From this point, we turn to a second essay that offers the perspectives offered by the “working” professionals in diverse fields of professional psychology. This will be more of an intimate, portrait rendering of DSM.  What do these professionals consider the benefits and drawbacks of DSM (and now specifically DSM-V) as those who actually use DSM on a daily basis? We are fortunate to be able to draw on the perspectives of professional psychologists from not only the United States, but also Asia—for DSM indeed is now a powerful internationally-based tool of professional mental health.
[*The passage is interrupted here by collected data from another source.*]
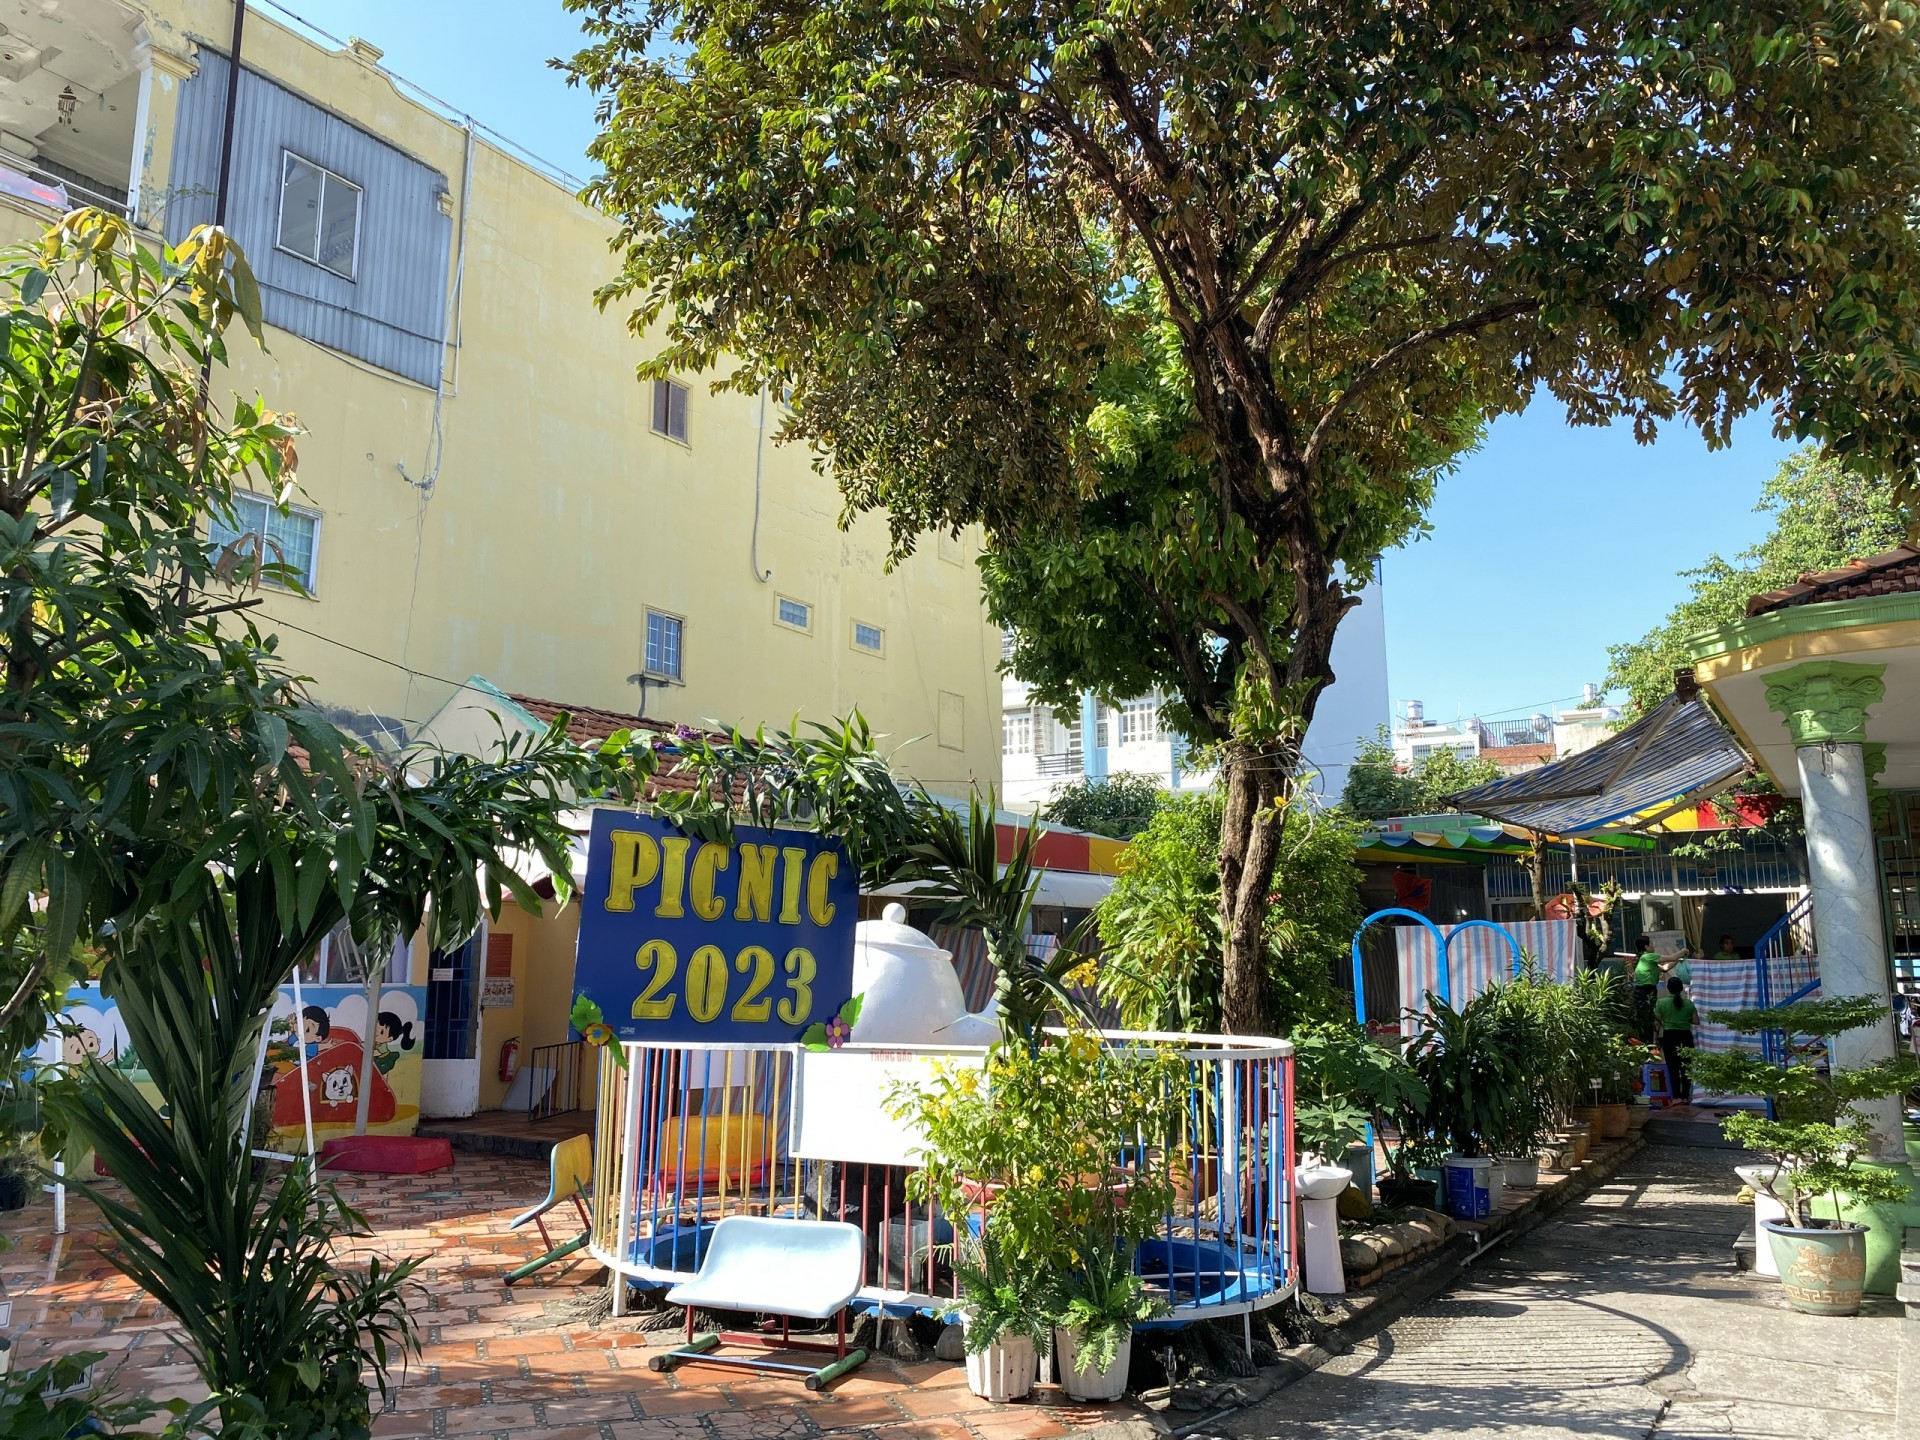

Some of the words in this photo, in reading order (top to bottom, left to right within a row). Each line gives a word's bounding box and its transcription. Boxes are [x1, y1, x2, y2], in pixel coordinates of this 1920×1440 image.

[605, 829, 838, 927] PICNIC
[631, 939, 816, 1025] 2023
[870, 1049, 895, 1062] THÔNG
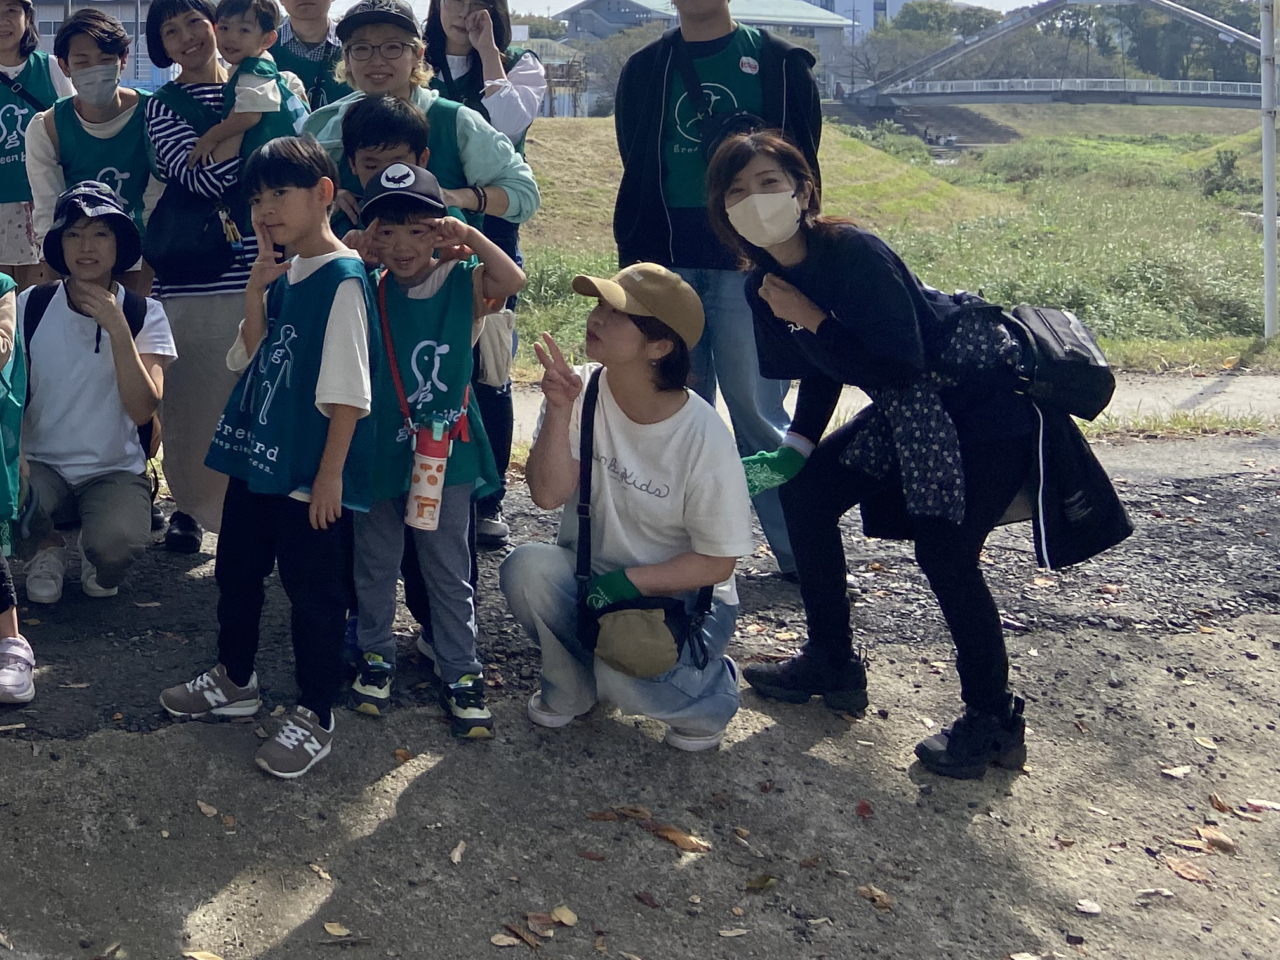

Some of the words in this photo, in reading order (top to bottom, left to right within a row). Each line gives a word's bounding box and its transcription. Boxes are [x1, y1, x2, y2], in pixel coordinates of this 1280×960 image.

[252, 441, 280, 463] rd
[620, 467, 670, 499] Kids
[203, 687, 229, 707] N
[302, 735, 323, 758] N
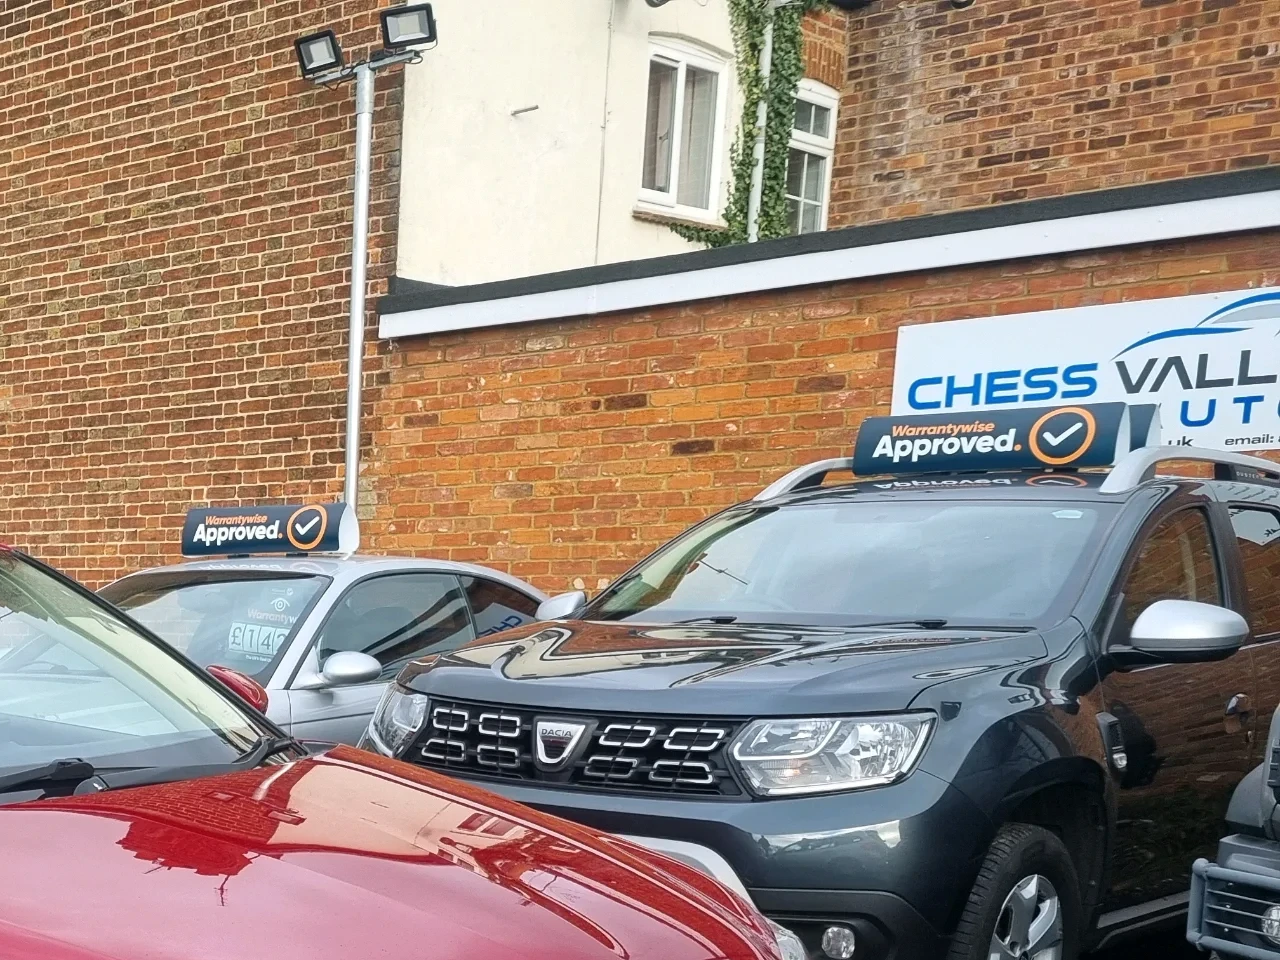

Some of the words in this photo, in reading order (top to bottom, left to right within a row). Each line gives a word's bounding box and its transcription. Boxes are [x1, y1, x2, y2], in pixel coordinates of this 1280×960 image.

[907, 362, 1099, 411] CHESS
[1114, 349, 1278, 394] VALL
[1158, 395, 1280, 430] UT
[892, 420, 995, 438] Warrantywise
[1224, 434, 1275, 446] email:
[872, 428, 1022, 463] Approved.
[205, 513, 268, 526] Warrantywise
[193, 519, 283, 546] Approved.
[541, 728, 572, 737] DACIA
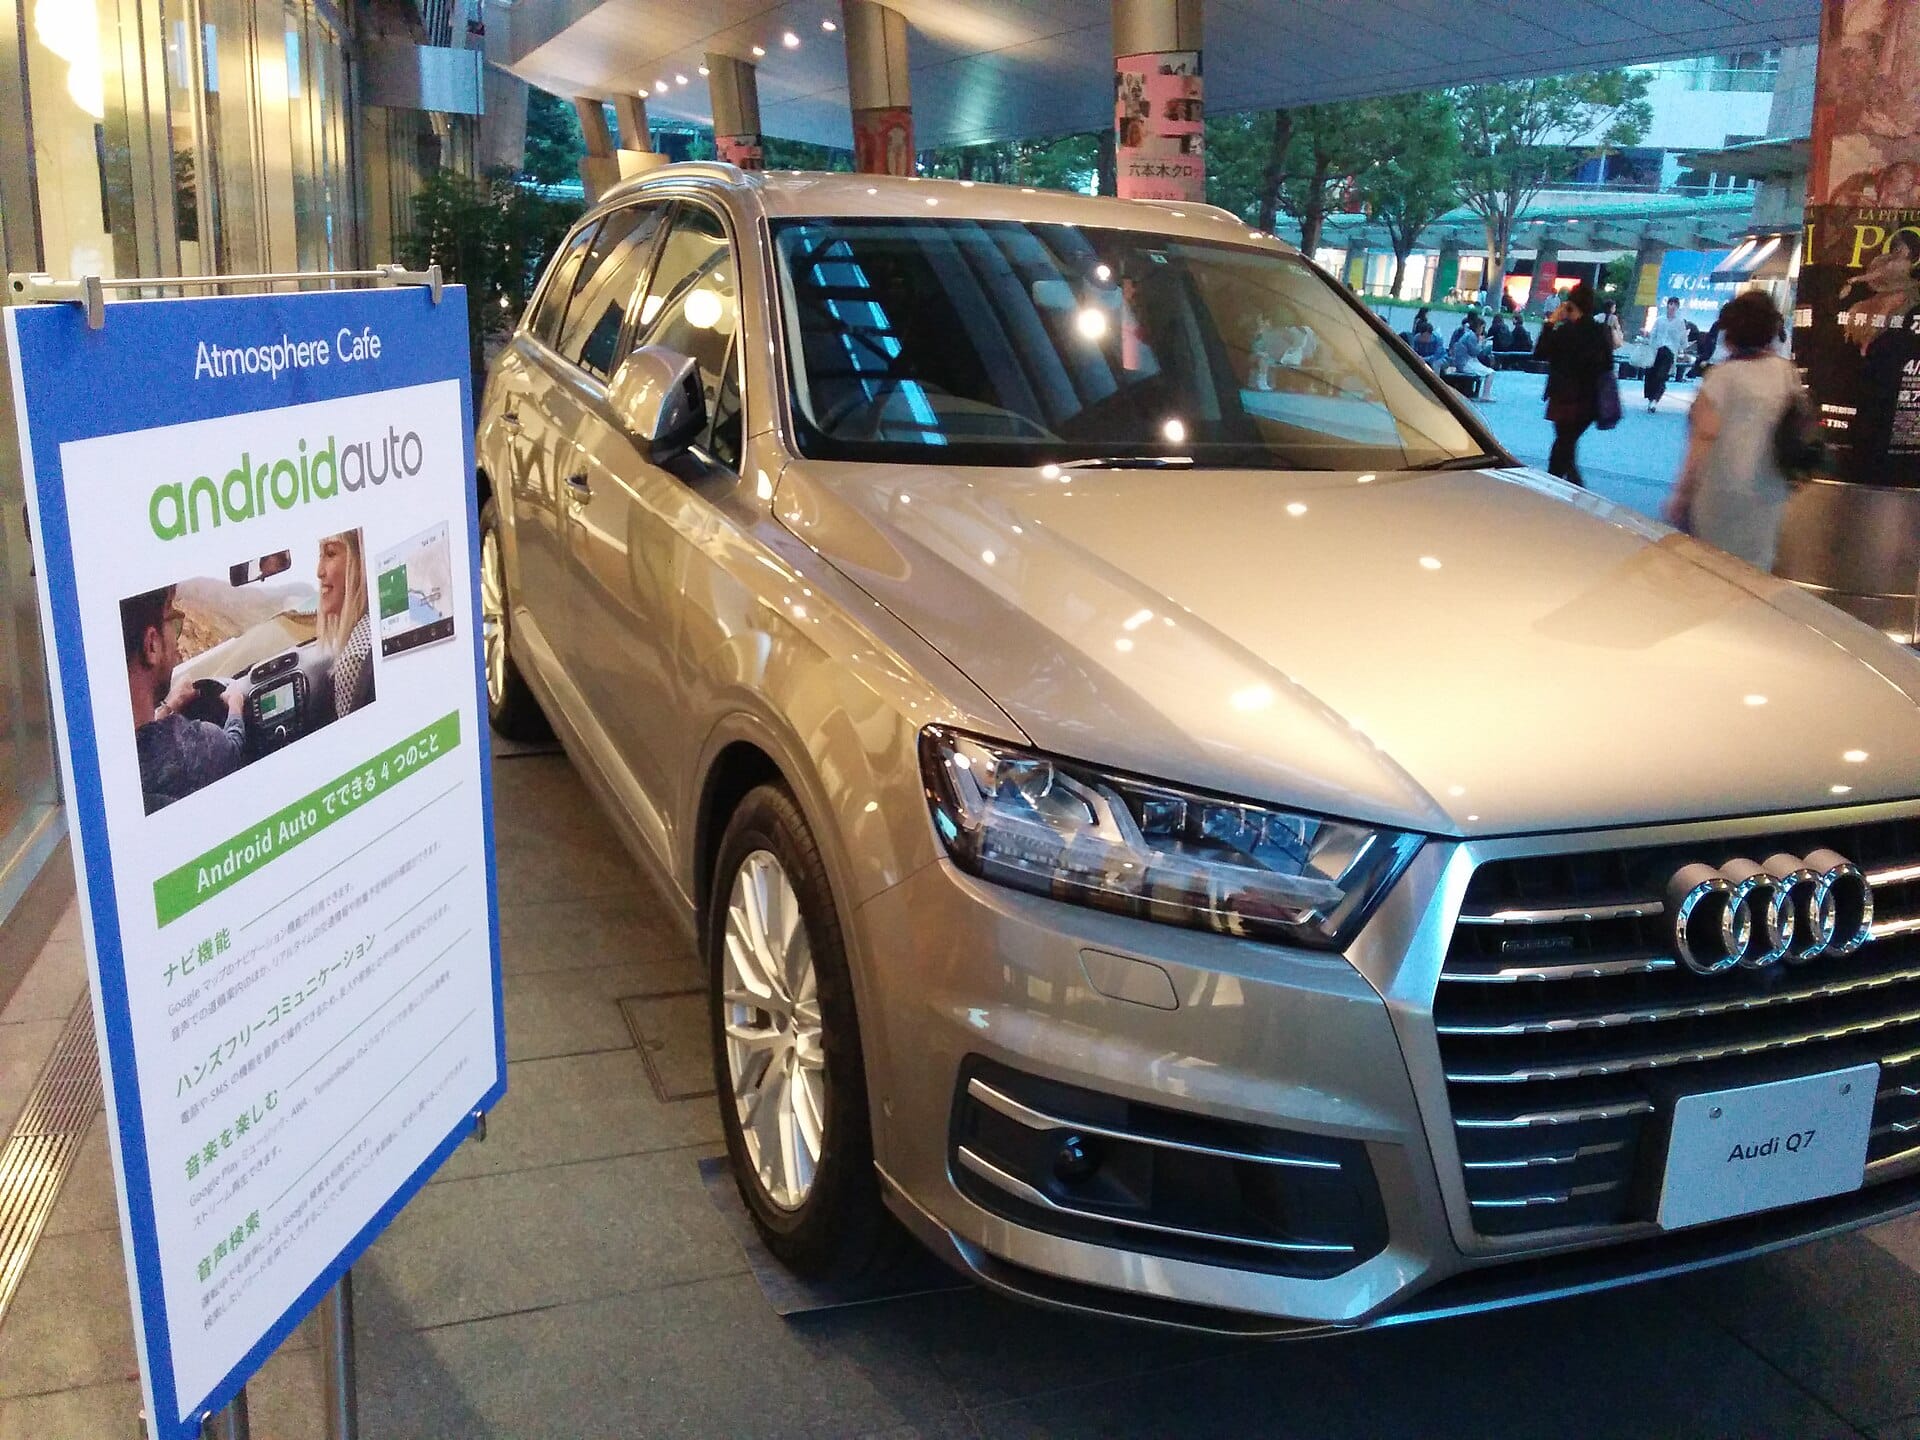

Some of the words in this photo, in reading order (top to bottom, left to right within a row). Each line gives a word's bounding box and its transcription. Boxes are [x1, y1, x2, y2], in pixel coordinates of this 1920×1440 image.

[195, 334, 329, 380] Atmosphere
[337, 326, 381, 363] Cafe
[1827, 418, 1849, 429] TBS
[196, 828, 273, 894] Android
[277, 803, 318, 846] Auto
[163, 927, 232, 988] ナビ機能
[176, 932, 376, 1098] ハンズフリーコミュニケーション
[185, 1088, 278, 1181] 音楽を楽しむ
[1727, 1136, 1780, 1162] Audi
[1785, 1129, 1816, 1153] Q7
[197, 1209, 260, 1282] 音声検索
Diagnosis versus Assessment

An important distinction must be drawn between processes that are labeled “diagnosis” and those that are labeled “assessment.” While both terms refer to the collection and analysis of information about specific people (or groups of people), diagnoses and assessments are being done for quite different reasons and the results of these two processes look quite different.

Diagnosis

Let’s first look at the term “diagnosis”. In its original meaning, diagnosis has to do with pulling something apart and then putting it back together by providing a determinative classification. We all learned about this process of pulling apart and putting together in our junior high school biology class (and lab) when we cut up a frog (or mouse) and noted the name to be assigned to each of the frog’s parts. This is often a powerful memory that is frequently interwoven with emotions of both fascination and revulsion. If nothing else, we often feel some empathy for the frog that gave up its life for our education. At an even deeper level, the death of the frog and our analysis reminds us that what is taken apart in biology can never be put back together. The “smashed frog” can never again be a live frog. Integrative functions are one-way—this is fundamental to a holistic and emergent perspective on complex, living systems.